Interesting Facts about Platinum

  • Platinum is used in the setting of the world-famous Hope Diamond.
  • 90% of the world’s annual supply of platinum comes from just 4 separate mines, 3 in Africa and one in Russia.
  • Even though platinum is frequently used in the jewelry industry, it’s production (130 tons annually) pales in comparison with the annual production of gold (1800 tons annually).
  • King Louis XV of France declared that platinum was rare enough to be considered the only metal fit for a king.
  • In the music industry, an album that sells over one million copies is called a “platinum” album.
  • People who like investing in commodities like gold can also invest in platinum, who’s price can be twice as high as gold during its price fluctuations.
  • Roughly 90% of the platinum jewelry sold across the world is bought by Japanese customers.
  • A cylindrical hunk of platinum and platinum alloy is used as the international standard for measuring a kilogram.
  • Many limited editions of watches from famous watch makers, such as Rolex, feature platinum.
  • Given its rarity, platinum is considered more extravagant and valuable than gold or silver, but less so than diamond.

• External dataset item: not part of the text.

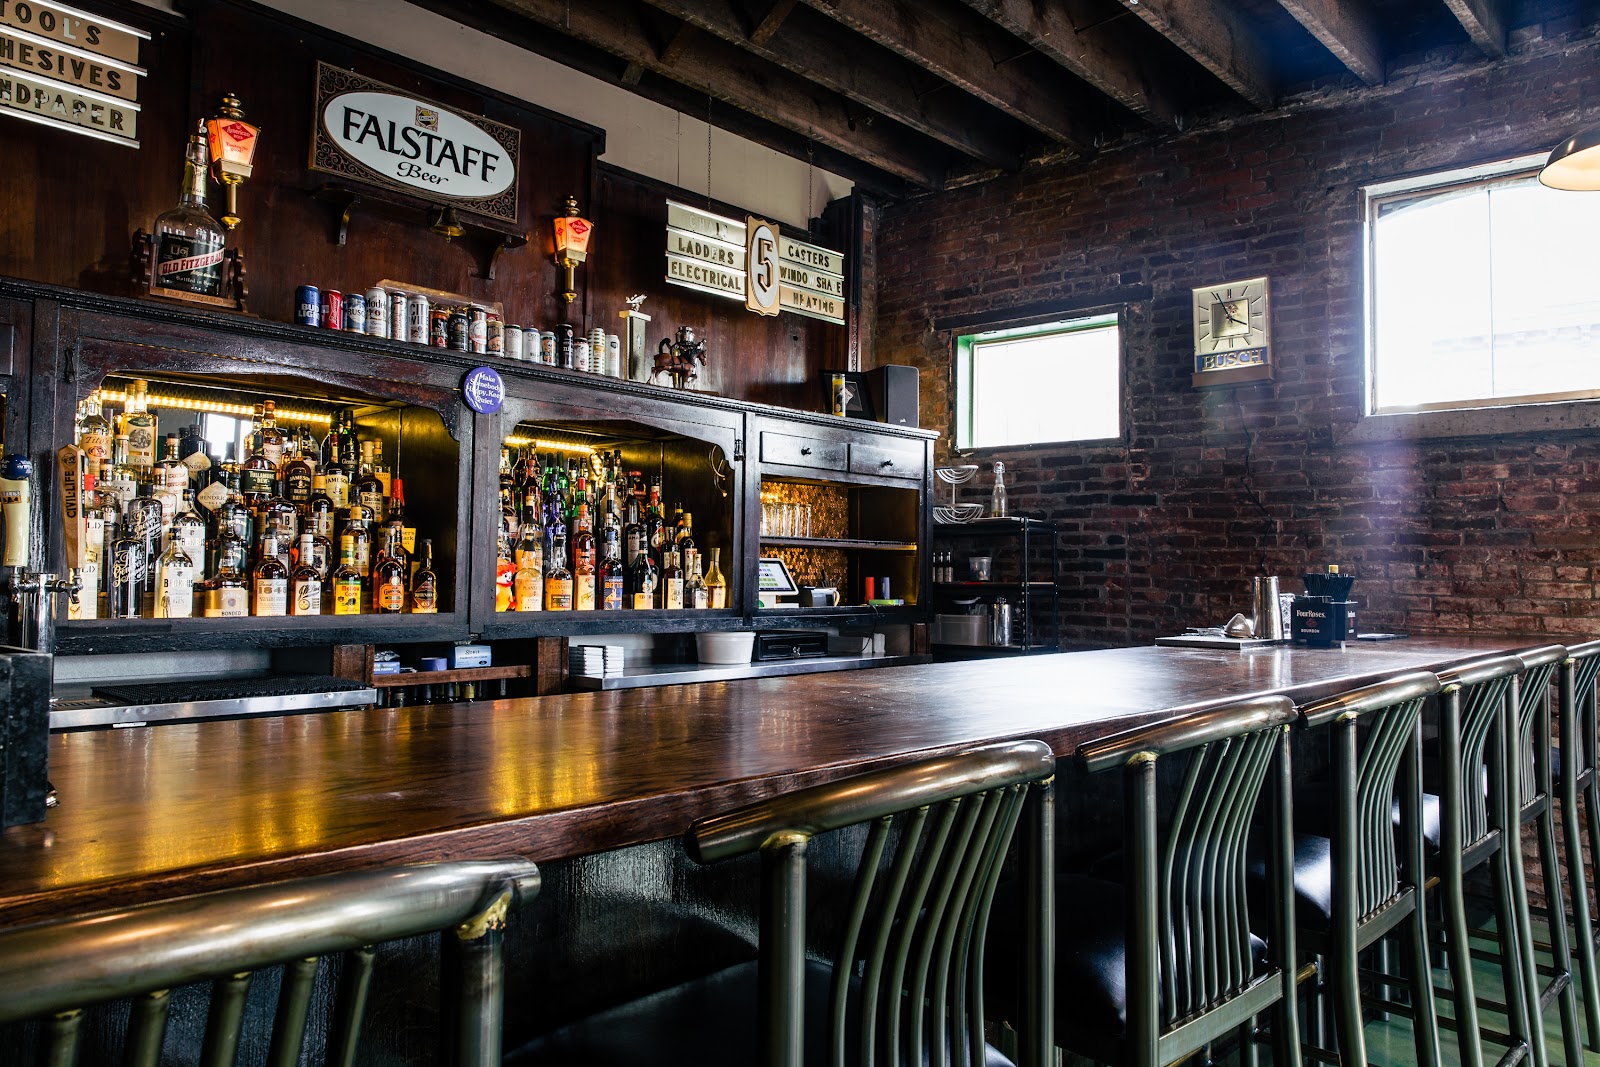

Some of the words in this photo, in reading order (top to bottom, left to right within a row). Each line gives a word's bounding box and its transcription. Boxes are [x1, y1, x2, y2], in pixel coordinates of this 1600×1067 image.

Occurrence and Abundance of Platinum

Platinum is most commonly mined in Russia and South Africa, but there are also much smaller mining ventures in Canada, the US, and Australia. In its pure form, platinum is more commonly found either with other platinum group metals, or in platinum containing ores like sperrylite and cooperite. Platinum is more abundant in meteorites (0.000098%) than it is in the Earth’s crust (3.7×10-6%). It is also not found in humans or in the oceans in any form.


Uses of Platinum

Most Notable Uses in General

“Ladies Platinum & Diamond Wedding Set” by Renee V is licensed under CC BY 2.0

The most well-known use for platinum is jewelry and lavish décor, especially since this has been a practice since ancient times. In the 2000s, platinum jewelry accounted for anywhere from 25-50% of the demand for platinum. Platinum doesn’t tarnish like a lot of other metals used for jewelry, making it particularly attractive to long-term buyers. Most platinum jewelry is between 95-85% pure. Platinum is also used in the hard disk drive coatings on the hard drives of personal computers.


Most Notable Uses in Science

Platinum is used as a catalyst, a substance that aids a reaction without being permanently changed, in many chemical reactions. The most common use of platinum’s catalytic properties is in the auto industry. The exhaust system of cars uses platinum to turn harmful emissions like carbon monoxides, hydrocarbons, and nitric oxide into carbon dioxide and water. It also acts as a catalyst in fuel cells which could be used like batteries or portable generators. Lastly, platinum is used in anti-cancer drugs and as a part of several surgical implants.


Discovery of Platinum

Platinum was discovered by two scientists working independently in South America: Antonio de Ulloa in 1735 and N. Wood in 1741. However, platinum has been used by ancient cultures in Egypt and South America for jewelry and decorations. Interestingly, it was not used by ancient Greek, Roman or Chinese cultures.


Platinum in the Future

Today, about 50% of cancer patients receive some sort of platinum containing treatment for their cancer, and that number is expected to rise. Some of the common medications include cisplatin, carboplatin and oxaliplatin. These platinum-containing drugs are effective because the platinum stays unbroken down in the body for extended periods of time and can aid the other active parts of the drugs by prolonging their exposure. Given the prevalence of these kinds of treatments, researchers will likely be developing more platinum-containing medications in the future.